►
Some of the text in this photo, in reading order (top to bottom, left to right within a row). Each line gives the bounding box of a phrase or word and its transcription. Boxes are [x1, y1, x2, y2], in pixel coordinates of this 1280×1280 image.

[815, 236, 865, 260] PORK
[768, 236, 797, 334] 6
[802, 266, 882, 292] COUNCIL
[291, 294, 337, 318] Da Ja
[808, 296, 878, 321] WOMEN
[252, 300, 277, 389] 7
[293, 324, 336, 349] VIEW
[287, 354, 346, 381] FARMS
◄
• WHAT IS BEING ASKED: Write out the material above exactly and in full.

• SOLUTION TO THE EXERCISE:
Some of the text in this photo, in reading order (top to bottom, left to right within a row). Each line gives the bounding box of a phrase or word and its transcription. Boxes are [x1, y1, x2, y2], in pixel coordinates of this 1280×1280 image.

[815, 236, 865, 260] PORK
[768, 236, 797, 334] 6
[802, 266, 882, 292] COUNCIL
[291, 294, 337, 318] Da Ja
[808, 296, 878, 321] WOMEN
[252, 300, 277, 389] 7
[293, 324, 336, 349] VIEW
[287, 354, 346, 381] FARMS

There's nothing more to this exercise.